Repeat the data exactly as given below, dropping every picture.

> _Records for this exercise_
========================================================================

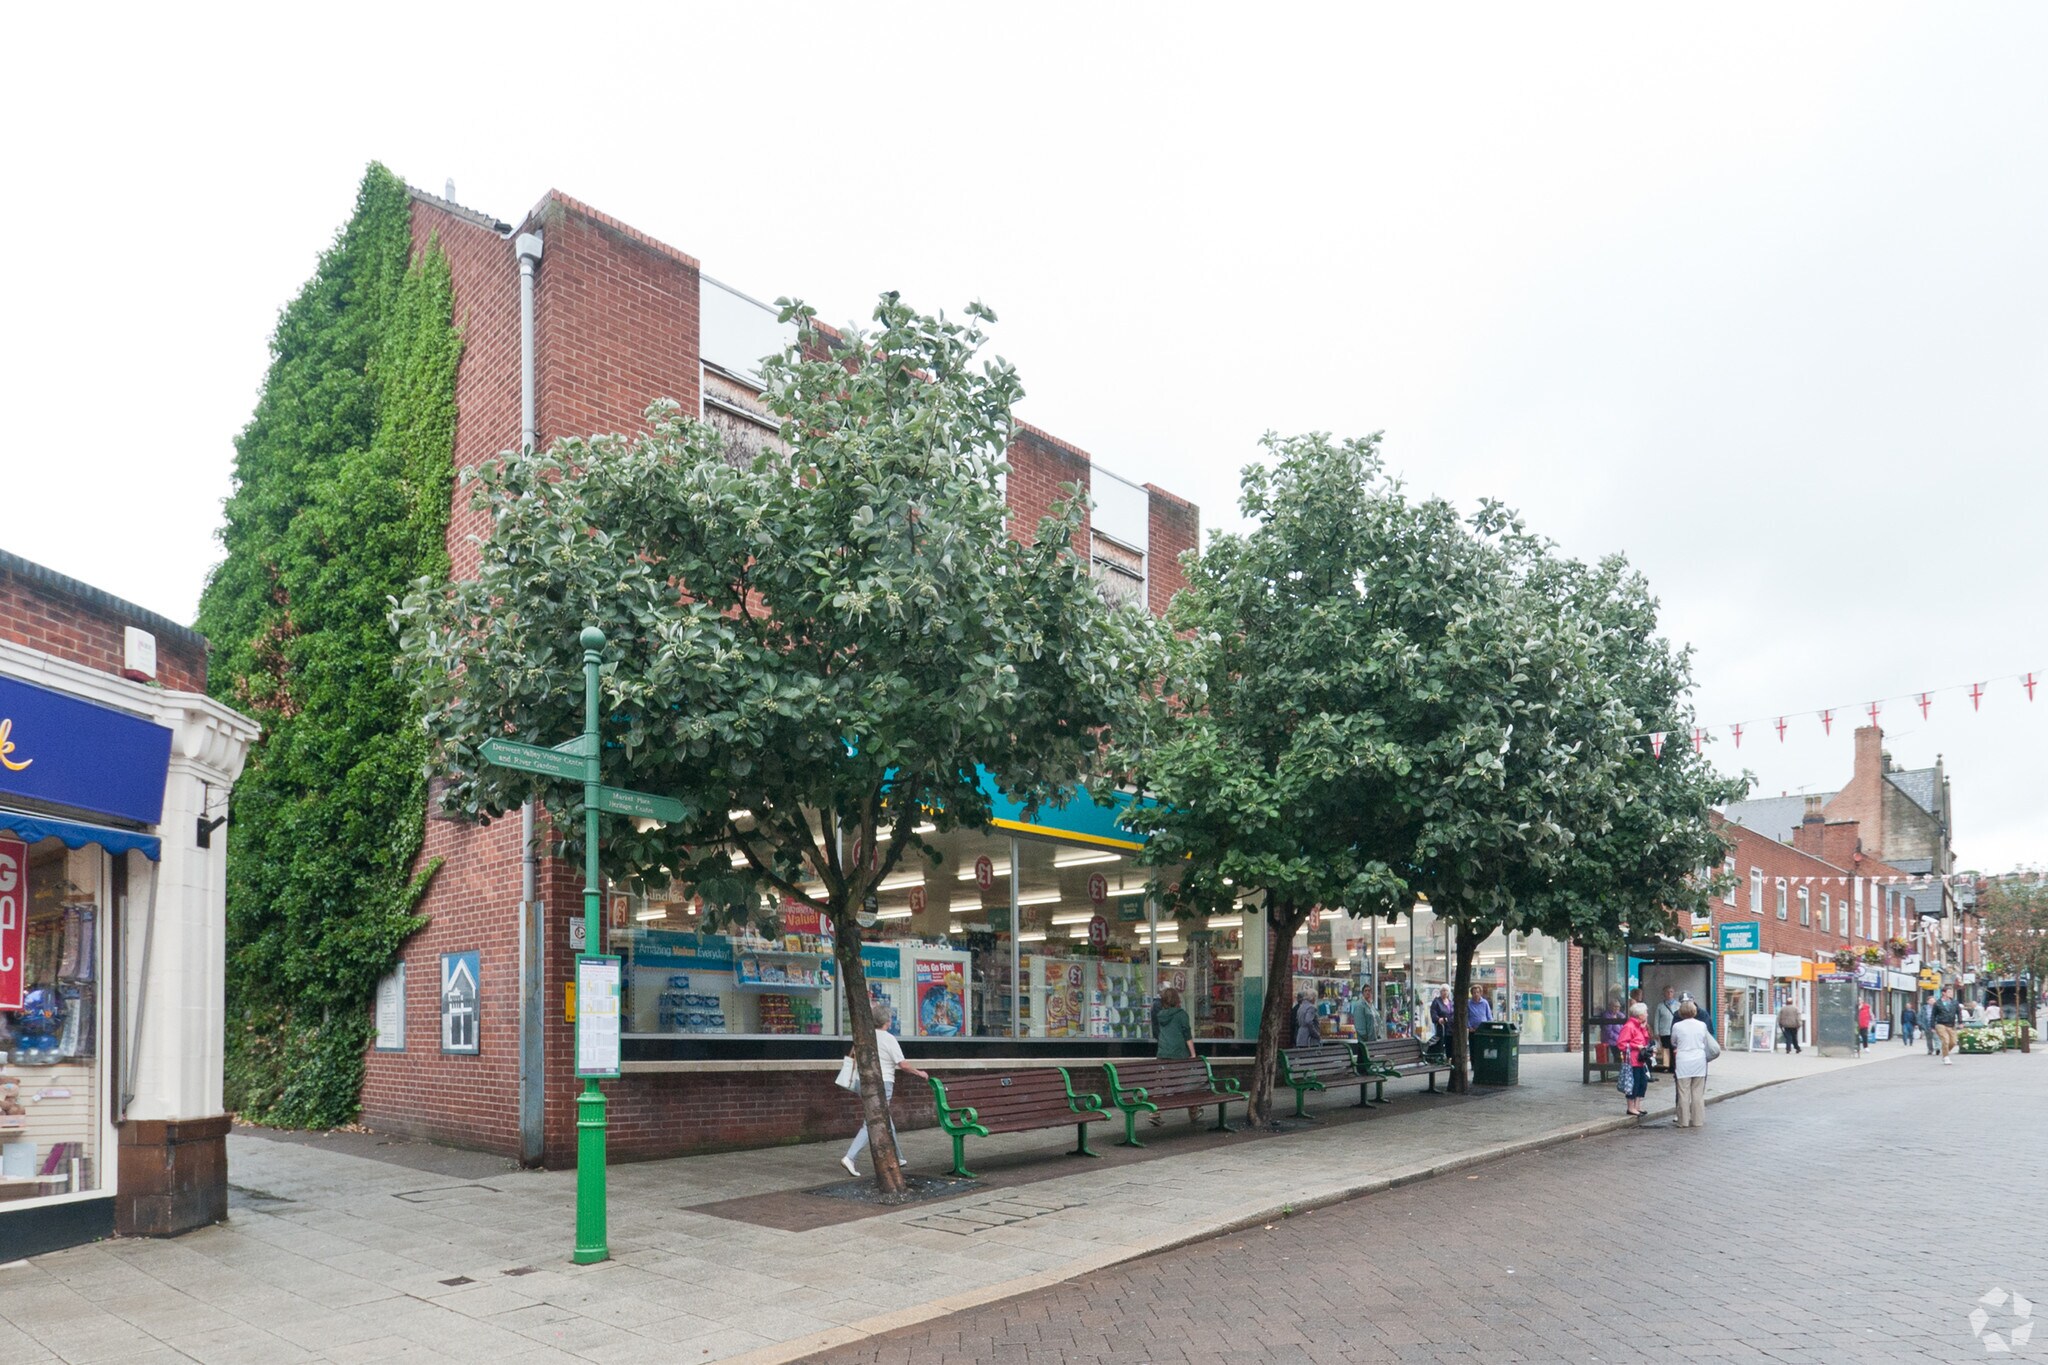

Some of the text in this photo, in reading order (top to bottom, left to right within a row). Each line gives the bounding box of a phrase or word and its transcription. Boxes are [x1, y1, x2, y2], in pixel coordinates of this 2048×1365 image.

[492, 742, 584, 767] Derwent Valley Visitor Centre
[498, 755, 560, 772] and River Gardens
[612, 792, 633, 802] Market
[608, 800, 654, 814] Heritage Centre
[978, 863, 991, 885] £1
[1091, 880, 1105, 898] £1
[911, 891, 924, 910] £1
[787, 912, 819, 927] Value!
[1091, 922, 1107, 942] £1
[639, 943, 672, 957] Amazing
[697, 946, 731, 960] Everyday!
[871, 958, 898, 970] Everyday!
[916, 963, 955, 972] Kids Go Free!
[1302, 953, 1312, 971] £1
[1070, 967, 1081, 985] £1

========================================================================

> _Task output_
Some of the text in this photo, in reading order (top to bottom, left to right within a row). Each line gives the bounding box of a phrase or word and its transcription. Boxes are [x1, y1, x2, y2], in pixel coordinates of this 2048×1365 image.

[492, 742, 584, 767] Derwent Valley Visitor Centre
[498, 755, 560, 772] and River Gardens
[612, 792, 633, 802] Market
[608, 800, 654, 814] Heritage Centre
[978, 863, 991, 885] £1
[1091, 880, 1105, 898] £1
[911, 891, 924, 910] £1
[787, 912, 819, 927] Value!
[1091, 922, 1107, 942] £1
[639, 943, 672, 957] Amazing
[697, 946, 731, 960] Everyday!
[871, 958, 898, 970] Everyday!
[916, 963, 955, 972] Kids Go Free!
[1302, 953, 1312, 971] £1
[1070, 967, 1081, 985] £1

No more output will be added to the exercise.